Gardner, like Csikszentmihalyi, emphasized the systemic perspective in his creative thinking jobs. In 1983 he considered the creative individual, when proposing his theory of multiple intelligences and, more recently, proposed an integrating model of different levels of analysis to cover the phenomenon. So, the perspective the integrative approach comprises four levels of analysis. The first is the sub personal level, at which biological, neurological, genetic influences and the structure of the functioning of the nervous, metabolic and hormonal systems of the creative individual, and recognizes the lack of research on these variables in the area, but same. The second level is the personal level, where your previous theory is integrated (Gardner, 1983 cited in Morais, 2001) and this concerns the cognitive, emotional and relationships of the subjects. It considers that there are seven independent intelligences (Theory of Multiple Intelligences): linguistic or verbal, logical-mathematical, spatial, musical, corporal- kinaesthetic, intrapersonal and interpersonal (Azevedo, 2007; Morais, 2001). From a non- cognitive, the author considers the importance of affective variables as characteristics of personality, interpersonal relationships, motivation and emotions.

The extra personal level is proposed as the structure of an area of knowledge, with each of these areas corresponding to a language and a set of specific skills. In addition to the languages ​​used in the areas, it is also important to the status of knowledge, as well as the interaction between dominant knowledge and knowledge that the individual possesses is fundamental for creative realization to occur (Morais, 2001). Finally, the multi-personal level refers to environmental influence, norms, roles, behaviours and values ​​associated with the social and historical context in which the individual is inserts. This level depends on the amplitude of the area, being that it can correspond to a group restricted to experts and specialists or to millions of subjects (Morais, 2001).  

Convergent and divergent thinking are two different types of operations, considered as mental bases in intelligence and in the creativity process, respectively, although the divergent thinking is not synonymous with creative thinking, research shows that this is an essential component of the creative process. Convergent thinking involves only one solution, while divergent thinking includes an extensive search for information and the generation of countless responses to problems. The research on divergent thinking is very broad, having been produced at the over six decades from Guilford’s SOI model (1950 cited in Runco, 2010), although there have been innovations in the theme over time. The importance attached to divergent thinking is also implied by the amount of research devoted to the theme, as well as the large number of practical applications, and this theme is applies in the context of education, organizational and even everyday life and the field of creativity studies.

The SOI model identifies four factors of divergent thinking: fluency, elaboration, originality and flexibility. The first refers to the number of responses generated; flexibility concerns the number of categories included; The originality is rarity, with low statistical frequency; finally, the elaboration refers to the details that the subject adds (Bahia, 2007). Carr and Borkowski argue that divergent thinking is a basic fundamental element in metacognition, foreseeing the development and cognitive processes that make it possible to obtain intellectual behaviours, such as strategies for analysis, discriminating the synthesis and integration of information and making adjustments. Sternberg, Conway, Ketron, and Bernstein (1981 cited in Russo, 2004) maintain that problem solving and verbal ease are fundamental elements of functioning of intelligence. Furthermore, in the thematic of divergent thinking, knowledge assumes flexible and transferable perspective of previously learned schemes, which should be applied to a new and different task, allowing individuals to use skills strategic in a creative way (Carr & Borkowski, 1987 cited in Russo, 2004). Within defends Guilford’s multidimensional psychological construct, that is, concepts such as creative intelligence, creative problem solving, and divergent thinking are all part of a total conceptual system of creativity.

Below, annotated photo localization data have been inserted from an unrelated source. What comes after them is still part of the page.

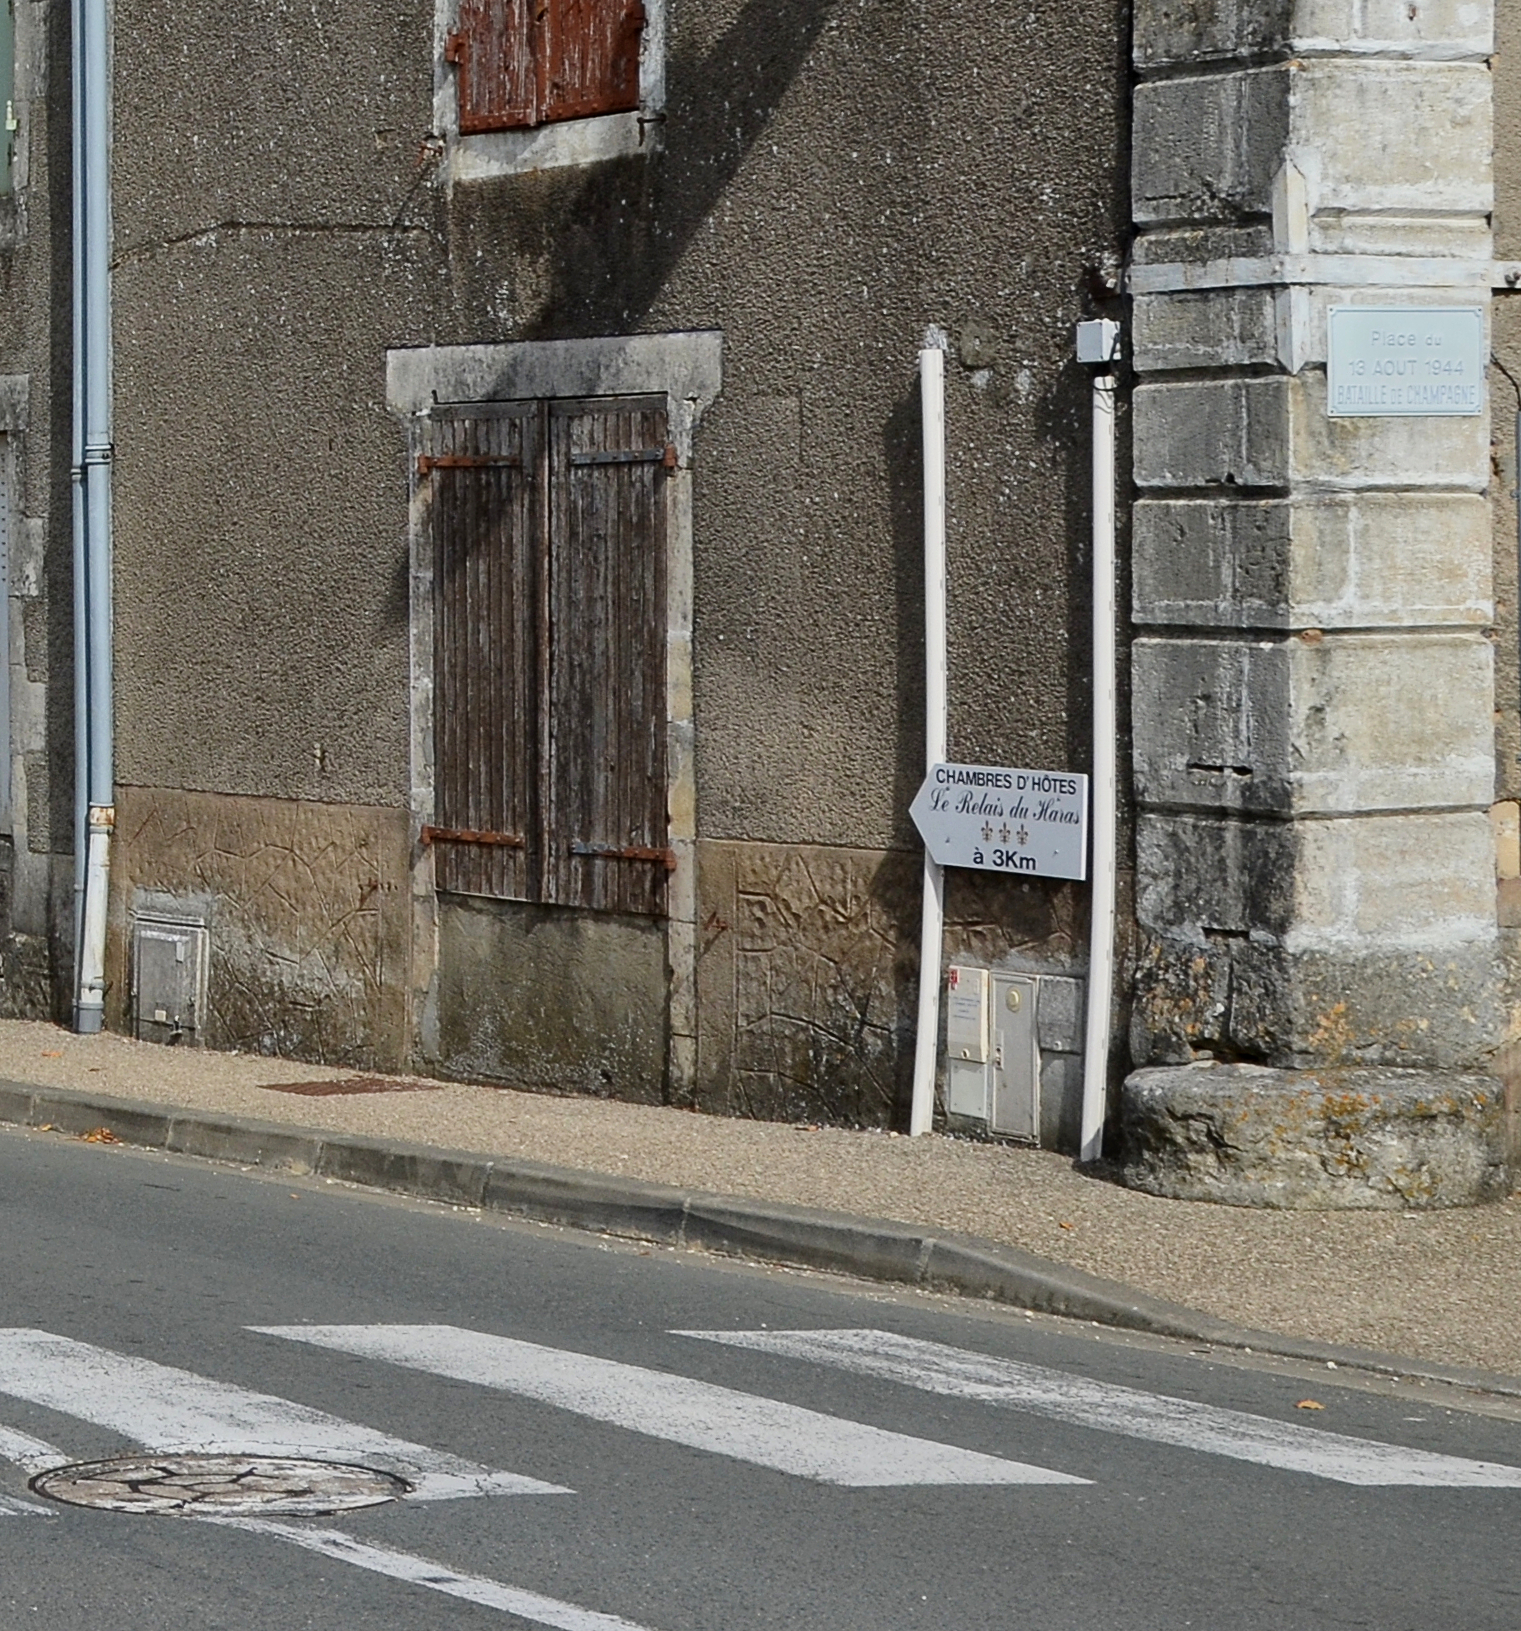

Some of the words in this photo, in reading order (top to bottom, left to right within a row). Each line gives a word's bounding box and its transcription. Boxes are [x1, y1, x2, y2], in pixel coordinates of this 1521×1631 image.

[1371, 331, 1416, 346] Place
[1425, 332, 1442, 346] du
[1348, 360, 1365, 376] 13
[1371, 360, 1417, 376] AOUT
[1424, 360, 1464, 376] 1944
[1337, 385, 1387, 405] BATAILLE
[1407, 385, 1476, 405] CHAMPAGNE
[935, 768, 1012, 790] CHAMBRES
[930, 787, 949, 812] Le
[955, 789, 1004, 817] Relais
[1009, 796, 1029, 820] du
[1032, 799, 1080, 825] Haras
[973, 847, 984, 865] à
[992, 849, 1037, 871] 3Km

Imagery are mental representations of real objects, scenes, events or symbols, which may be short or long term, may be spontaneous or deliberate, being manipulated and generated through conscious effort. This term is usually described as schematic representations of thought, generated from internal suggestions or motivations, as opposed to external sensations and perceptions. Imagery is the “non- verbal ”. This term can be distinguished from sensation and perception, but, is naturally related to these, and should be considered as more than “visual”, it can be auditory, olfactory, gustatory, by images, imagination of sensations, pressure, pain and others associated with touch. In relation to the imagery process in creativity, research can be divided into three categories. The first concerns studies on the creative individual, where he describes their experiences during the construction of creative products, but although have shown an interesting method with a heuristic value, may be limited in their application.

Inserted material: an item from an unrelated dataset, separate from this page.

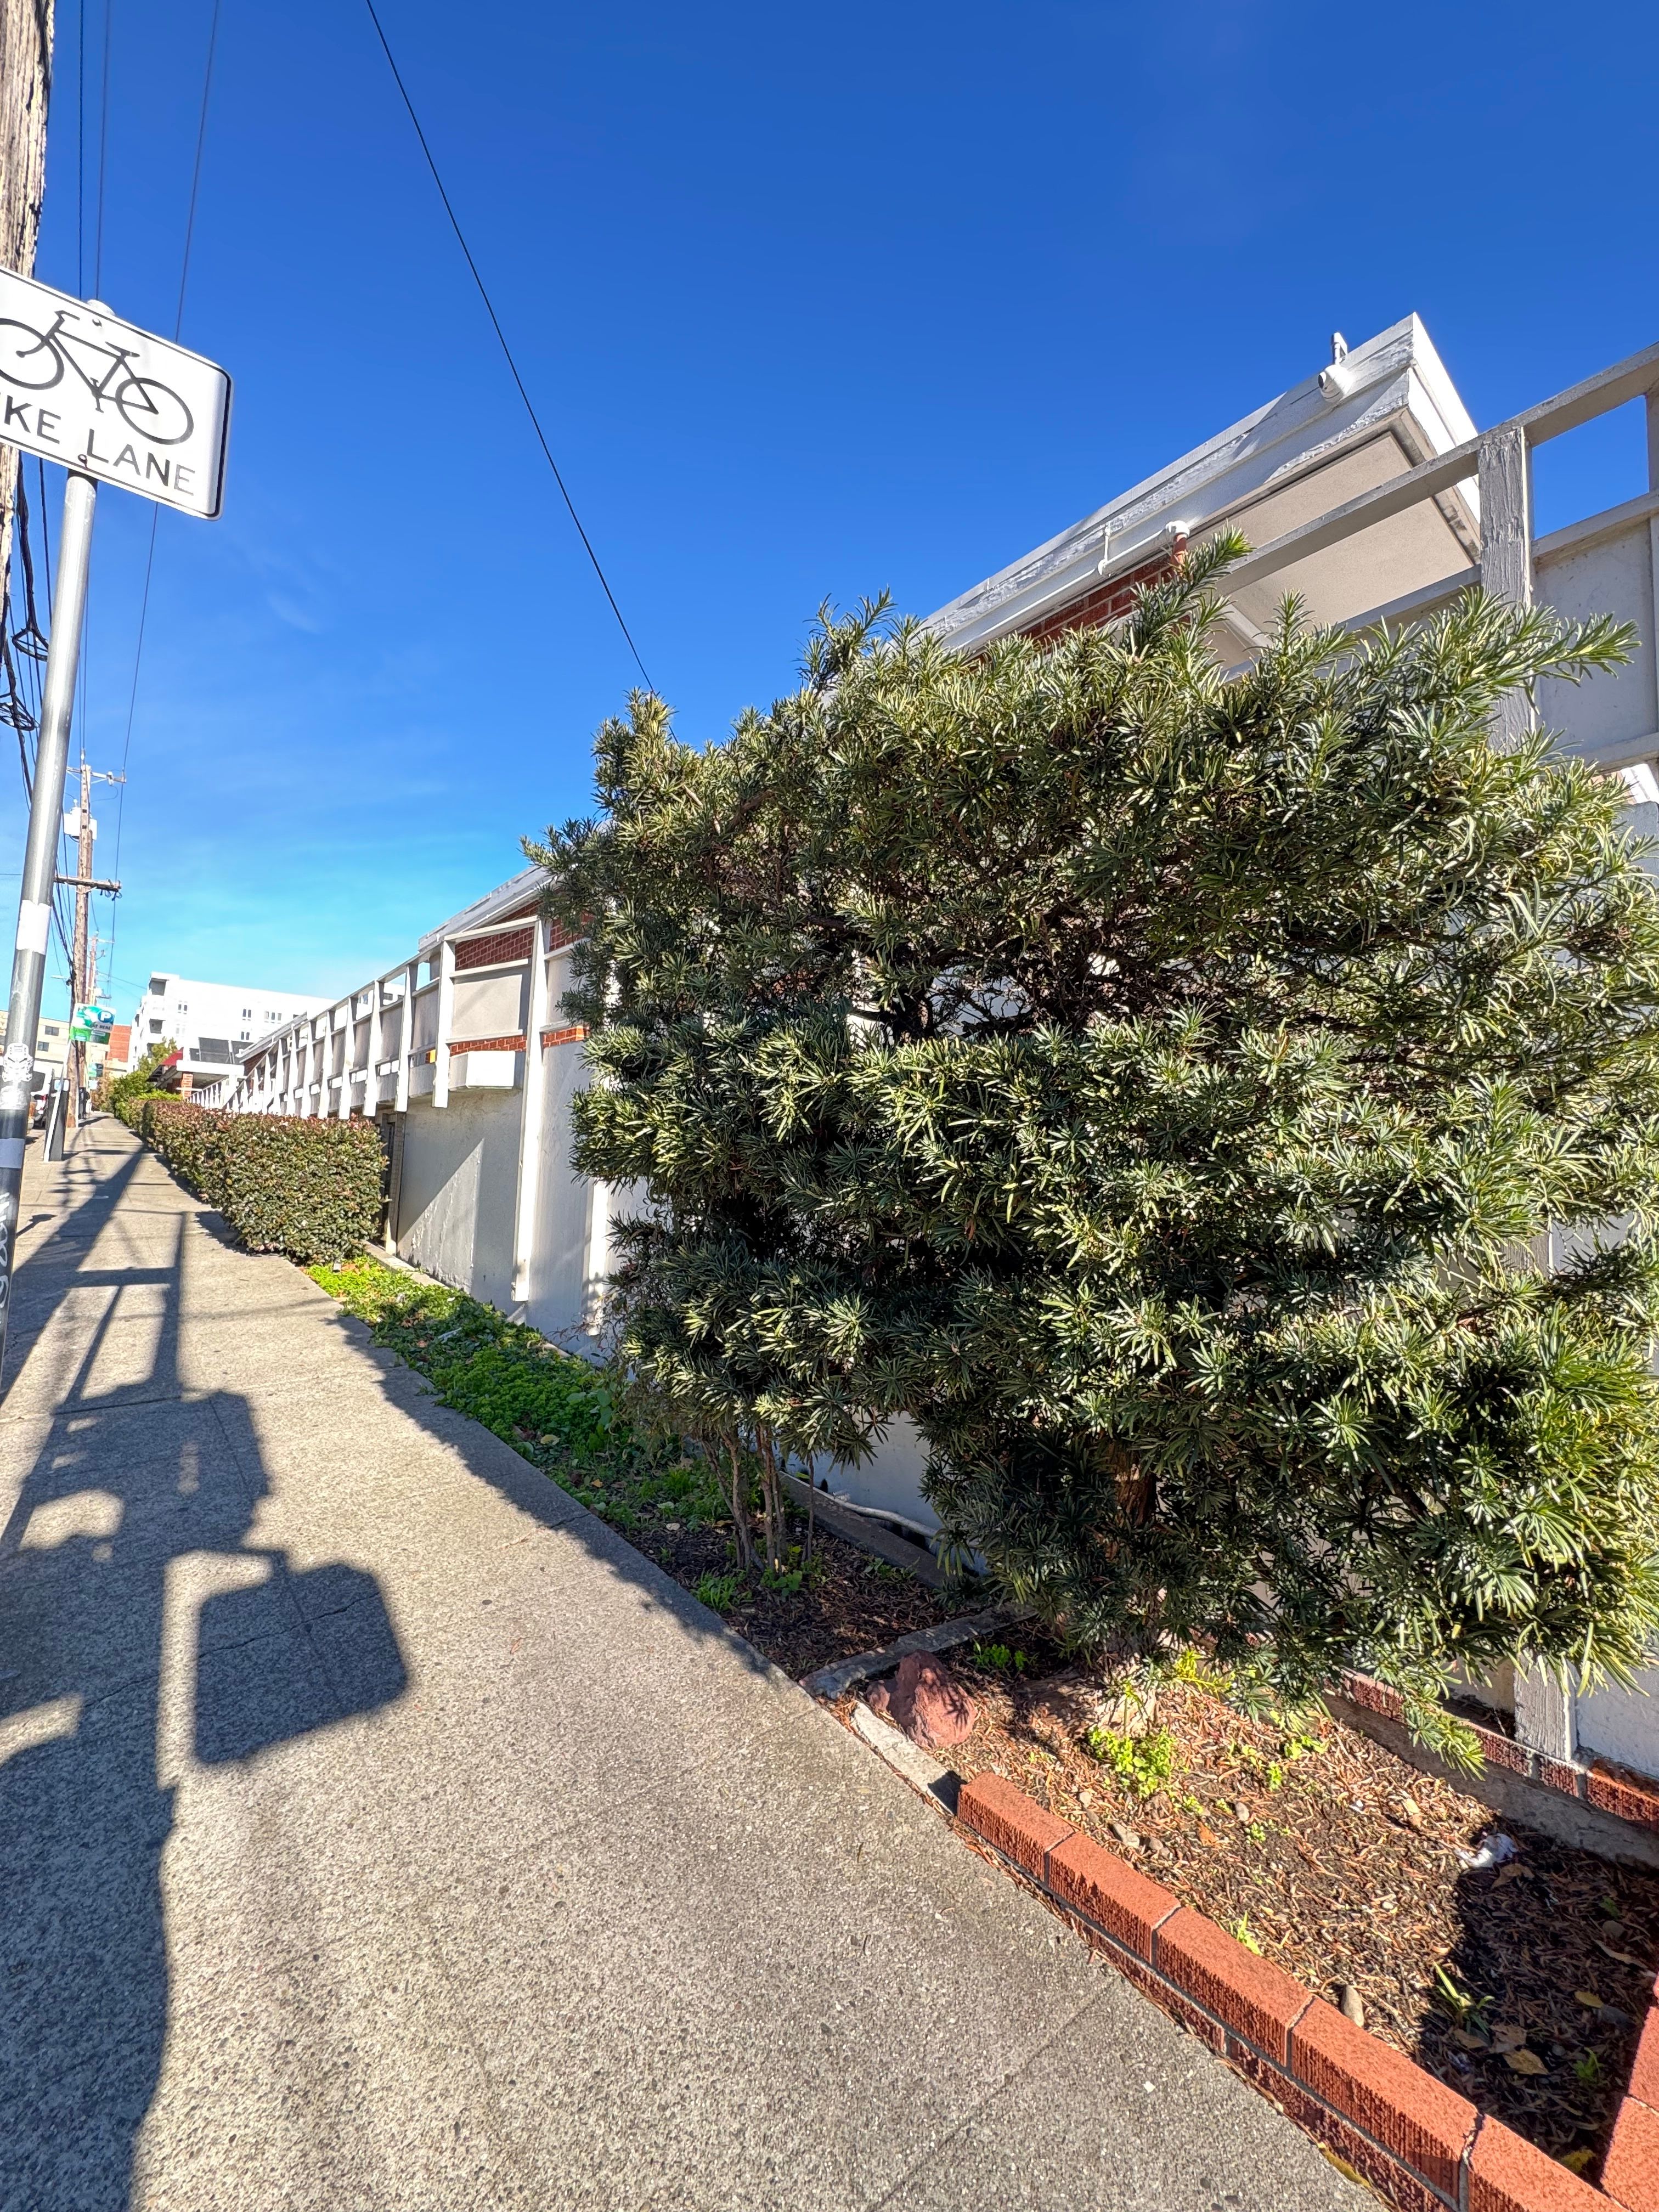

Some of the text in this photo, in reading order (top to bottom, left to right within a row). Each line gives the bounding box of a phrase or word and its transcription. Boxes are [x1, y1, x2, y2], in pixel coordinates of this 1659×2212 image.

The second type of study focuses on the attempt to demonstrate the correlation between the ability of individuals to have mental representations, with the scores to measures of creativity and creative potential. The results of these surveys indicate that there is a significant correlation between the liveliness of mental representations and the acceptance of authority, sensitivity, initiative, intellectuality, individuality and art. Finally, the third type of studies aims to demonstrate that the use of images / mental representations affect creative productivity. These are experimental studies and provide the training of methods and techniques of imagery in the resolution of problems in experimental groups, and control groups do not receive training. The results of these researches suggest that the training of mental representations improves the performance of individuals who already have the capacity of imagery developed, but to individuals where capacity is not noticeable, training only had a small impact. This process is an important topic, revealing its importance in the creation, interaction, response and manipulation of images as if they were royal objects, mental processes used contain the same psychophysical properties of perception sensorial.

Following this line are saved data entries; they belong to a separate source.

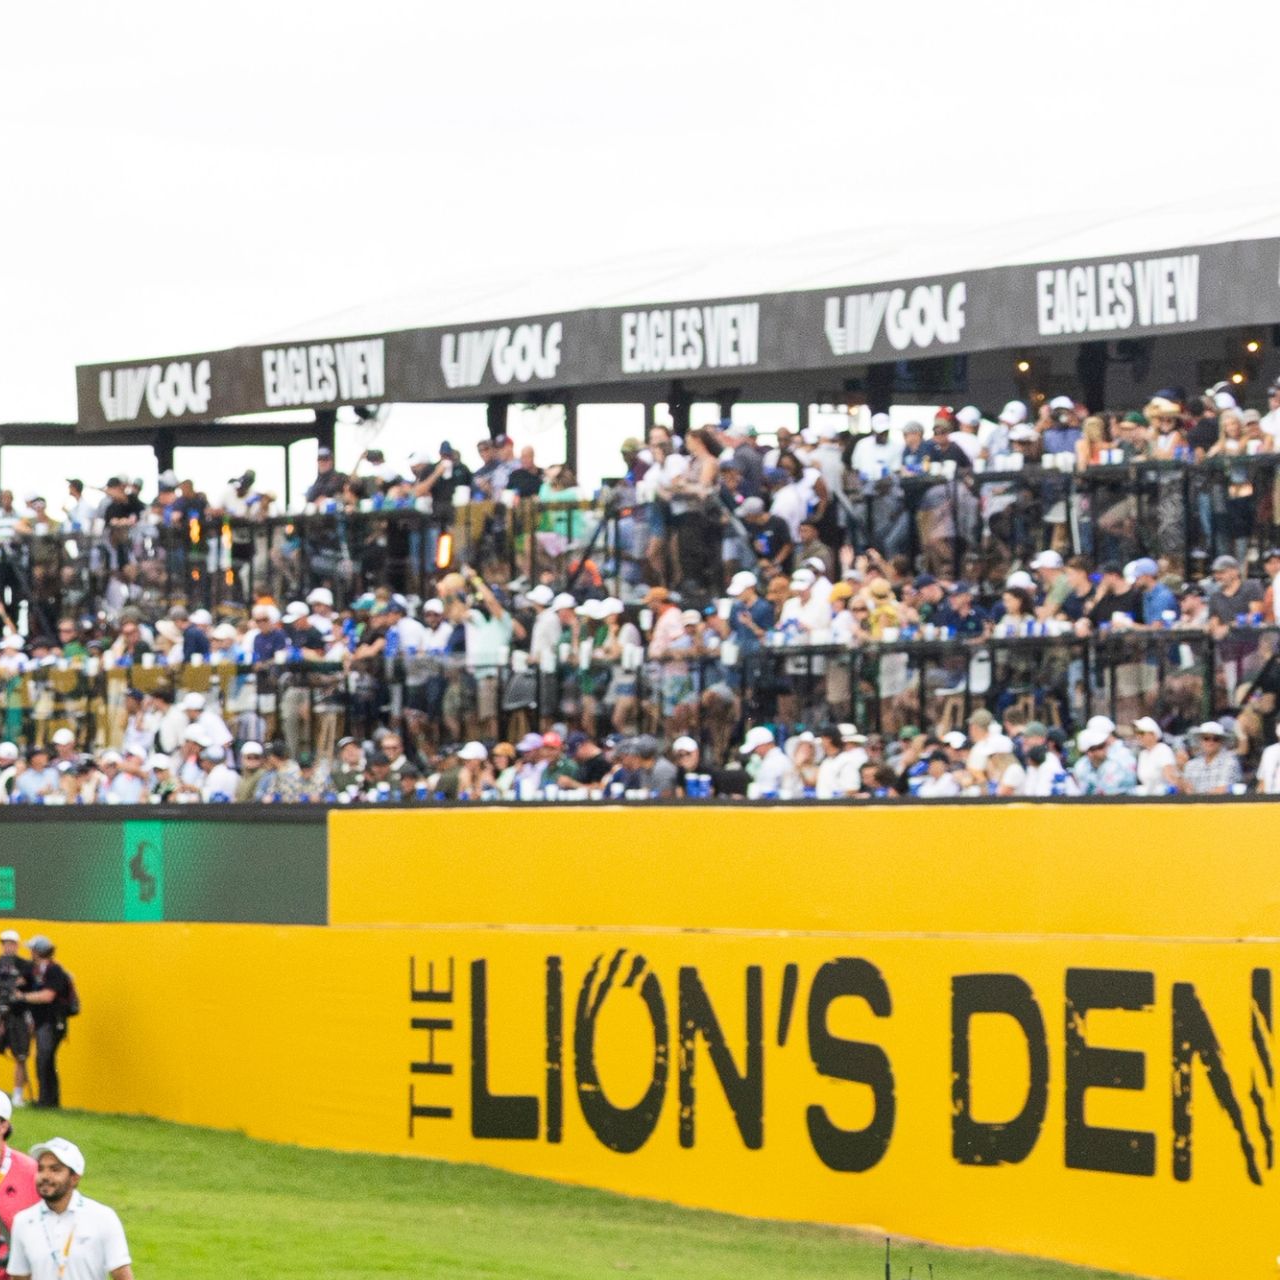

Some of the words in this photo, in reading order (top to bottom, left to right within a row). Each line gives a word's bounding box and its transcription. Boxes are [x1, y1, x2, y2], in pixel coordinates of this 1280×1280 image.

[825, 289, 890, 356] LIV
[886, 281, 966, 351] GOLF
[1037, 261, 1134, 336] EAGLES
[1134, 255, 1200, 326] VIEW
[262, 344, 337, 407] EAGLES
[335, 338, 384, 400] VIEW
[491, 321, 562, 385] GOLF
[621, 307, 703, 373] EAGLES
[702, 302, 760, 368] VIEW
[146, 359, 211, 418] GOLF
[409, 954, 455, 1138] THE
[470, 948, 897, 1174] LION'S
[950, 966, 1274, 1187] DEN

“Memory collects the countless phenomena of our existence in a unitary whole; were it not for the unifying force of memory, our consciousness would shatter into as many fragments as the seconds already lived” Ewald Hering (1920). Roughly speaking, we call memory the capacity that living beings have to acquire, store and evoke information. Despite this apparently simplistic definition, we will see, in the course of the text, that when talking about memory, we are definitely not talking about something simple. Memory is one of the most important psychological processes, because in addition to being responsible for our personal identity and for guiding our daily lives to a greater or lesser degree, it is related to other cortical functions equally important, such as executive function and learning. Even without realizing it, we are making use of this important cognitive resource at all times. If we get in the car to go to college, we necessarily have to remember where we are going.

Remembering directly involves memory. Otherwise, we would be unable to reach our destination. Were it not for memory, we would not even know we attended college, we would not even know our name, nor the name of our parents, friends etc.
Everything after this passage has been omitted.